Directors often have a lack of clarity on their roles and responsibilities. As a result, Board fiduciary responsibilities may not be fulfilled leading to a host of issues including conflicts of interest and a blur in between the role between Board members and senior staff, often resulting in confusion and unnecessary stress.
The solution can be achieved by Board orientation or in some cases a board training refresher.
Board Fiduciary Duties
Fiduciary duty equates with loyalty and encompasses the four main principles:
- The duty to act in the best interests of the organization
- The duty to disclose other interests and avoid conflicts
- The duty to maintain the Organization’s information in confidence
I consistently get asked a question by a directors and senior staff to clarify the duty to act in the best interest of the organization, as compared to acting on behalf of their own personal interests.

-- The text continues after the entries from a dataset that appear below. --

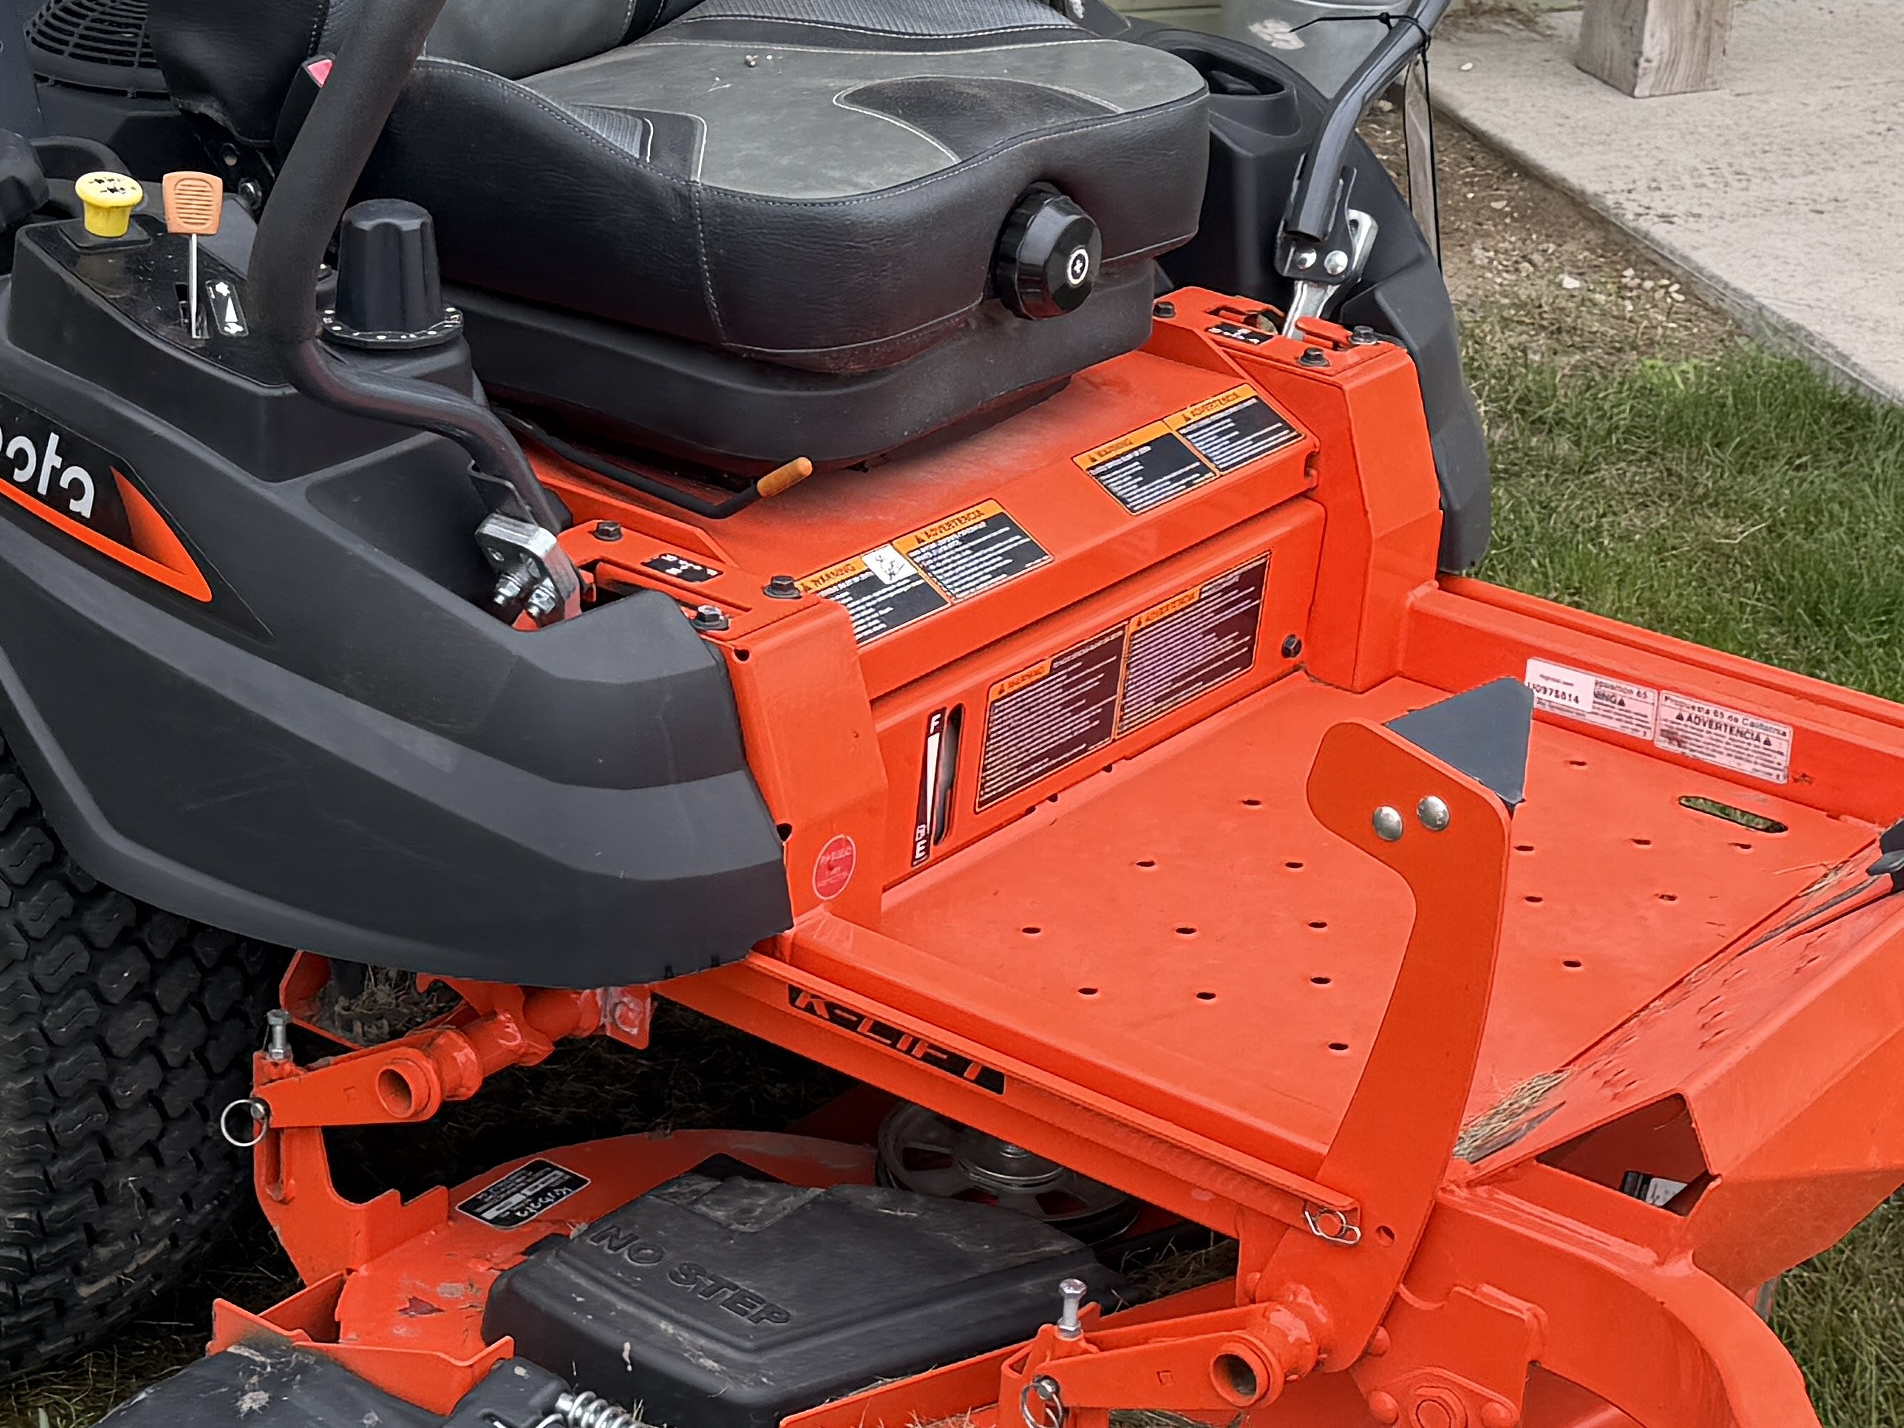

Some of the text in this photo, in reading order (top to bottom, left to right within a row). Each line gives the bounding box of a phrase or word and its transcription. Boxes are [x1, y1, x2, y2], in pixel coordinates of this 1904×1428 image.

[930, 713, 942, 734] F
[1686, 712, 1762, 744] ADVERTENCIA
[915, 840, 927, 859] E
[795, 990, 985, 1081] K-LIFT
[589, 1224, 793, 1326] NO STEP

The duty to act in the best interest of the organization is extremely broad, requiring directors, and officers to exercise ordinary care in performing their duties. When acting on behalf in their capacity of serving the organization, they must put the organization’s best interests ahead of any other interests.
There are certainly some grey areas in dealing with this however if for example, the director has volunteered to speak on behalf of the Association and the volunteer spends the time promoting his business, he (or she) is defiantly not acting in the best interest of the organization hence not following his or her) board fiduciary duty.